Wo bleibt die Vision, Männer?

TV-DUELL So kriegt man keine Wähler an die Urnen: Die Spitzenkandidaten Martin Schulz und Jean-Claude Juncker bestätigen alle Klischees

VON ANDREAS RÜTTENAUER

Das ist der Martin, und das ist der Jean-Claude. Der eine ist Präsident des Europaparlaments, war Bürgermeister von Würselen und hat mal ziemlich gut Fußball gespielt. Der andere ist Arbeiterkind aus Luxemburg und war schon mit 40 Jahren Ministerpräsident und hatte auch mal eine Geheimdienstaffäre – Erklärfernsehen auf Viertklässlerniveau.

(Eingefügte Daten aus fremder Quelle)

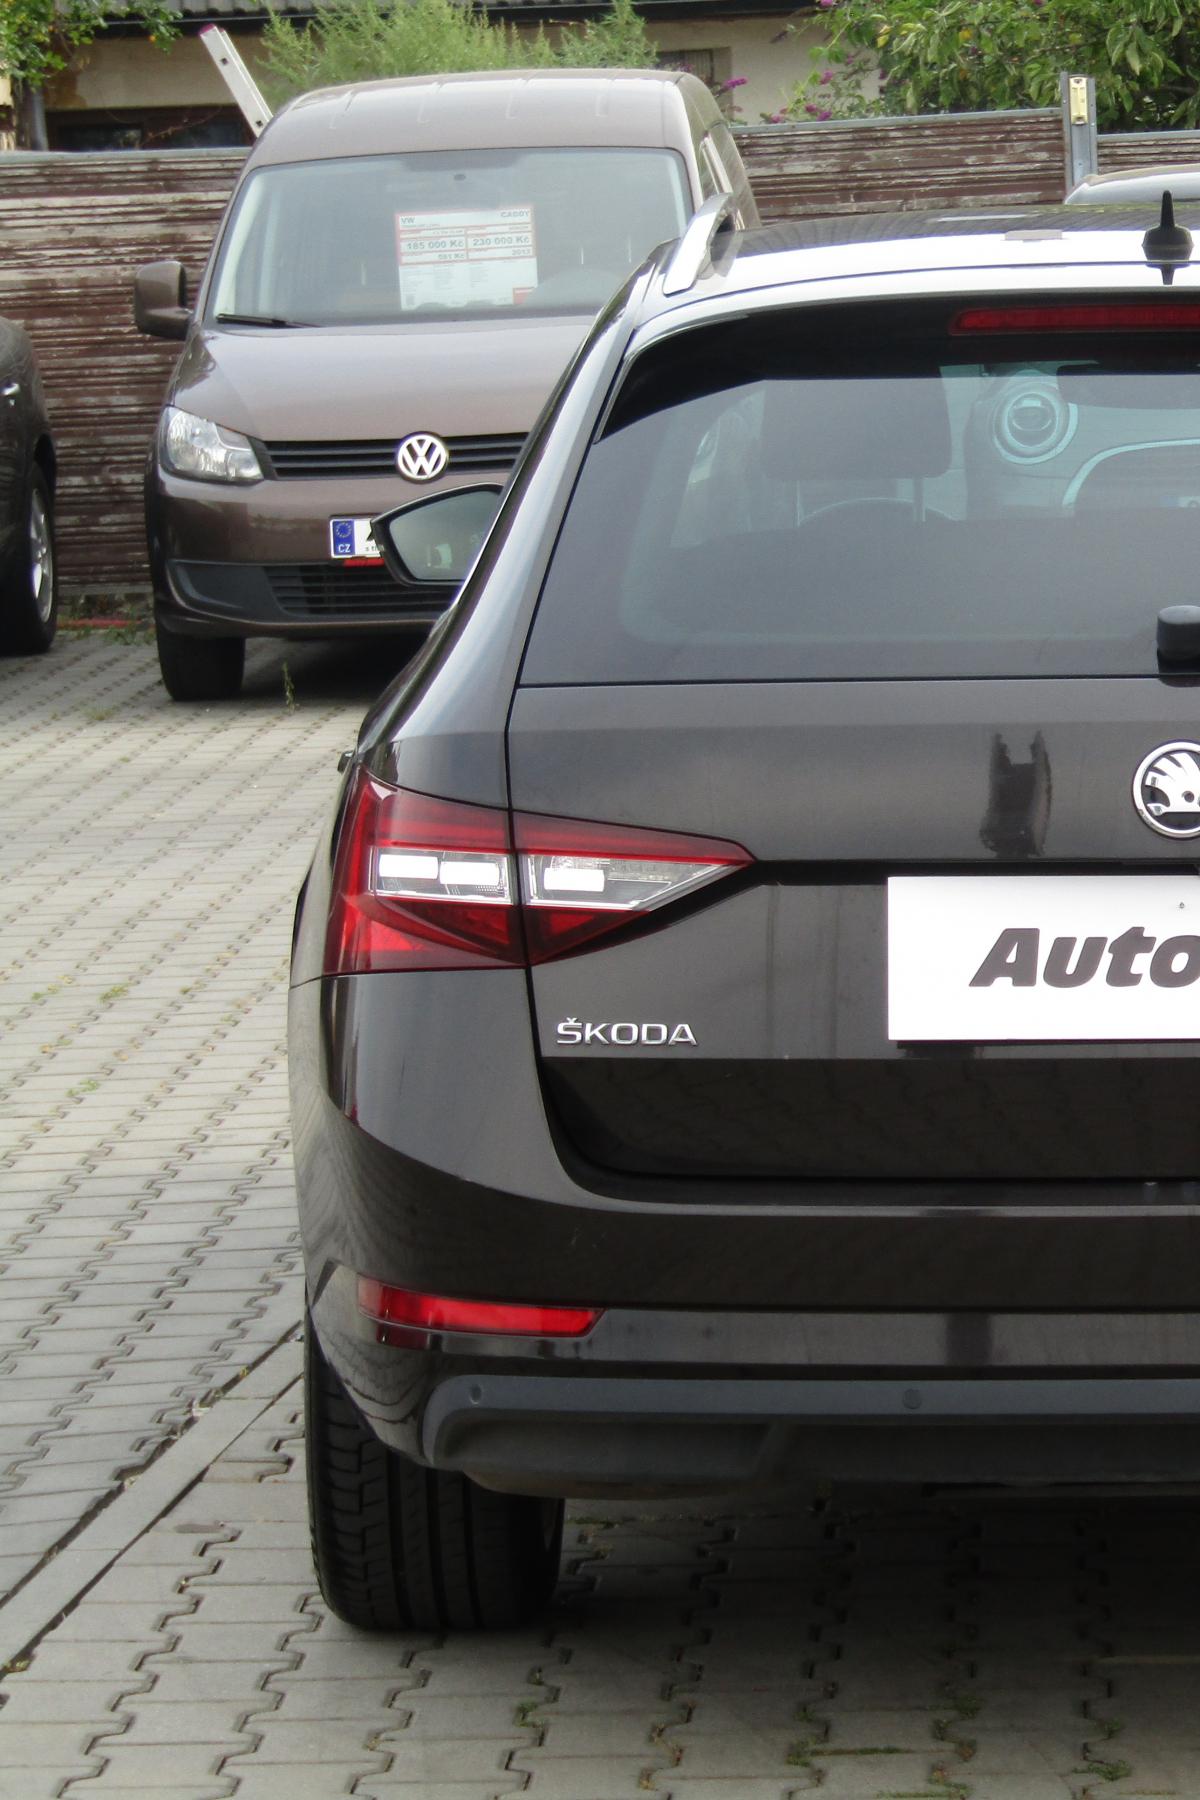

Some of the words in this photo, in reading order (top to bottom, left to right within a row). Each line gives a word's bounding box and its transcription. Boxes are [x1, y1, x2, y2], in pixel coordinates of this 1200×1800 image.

[500, 210, 530, 218] CADDY
[406, 242, 425, 250] 185
[428, 241, 446, 249] 000
[450, 239, 464, 247] Kč
[472, 237, 491, 246] 230
[494, 236, 512, 245] 000
[516, 235, 530, 244] Kč
[398, 434, 447, 479] VW
[338, 543, 351, 553] CZ
[557, 1017, 698, 1046] ŠKODA

Da treten die Spitzenkandidaten der großen Parteienbündnisse in Europa zum TV-Duell gegeneinander an, und die veranstaltenden Sender, das ZDF und der Österreichische Rundfunk, gehen davon aus, dass die Zuschauer und Zuseherinnen nichts, aber auch gar nichts von Europa wissen und auch keine Ahnung haben, wer dieser Sozialdemokrat Martin Schulz oder der Konservative Jean-Claude Juncker ist.

Als die beiden denn endlich miteinander streiten dürfen, als sie ihre ersten wenig witzigen Witzeleien („58? Sie sehen aus wie 59“) ausgetauscht haben, müssen sie gleich über die Ukraine sprechen. Fast redet sich Schulz um Kopf und Kragen, weil er meint, die Ukraine sei ein Teil Europas, immerhin wäre der westliche Teil katholisch geprägt. Vielleicht hätte er sich in den vergangenen Wochen ein paarmal die Kindernachrichten „Logo“ ansehen sollen, dann hätte er vielleicht etwas Substanzielleres zum beherrschenden Thema dieser Tage beitragen können.

Was Juncker sagte, zeugte zwar auch nicht von viel Verständnis und ging über wohlfeile Sätze wie „Wir hatten genug Kriege“ nicht hinaus, aber er blamierte sich wenigstens nicht. Auf jeden Fall war er sich sicher, dass die Ukraine erst einmal nichts in der EU verloren habe. Endlich wurde es spannend.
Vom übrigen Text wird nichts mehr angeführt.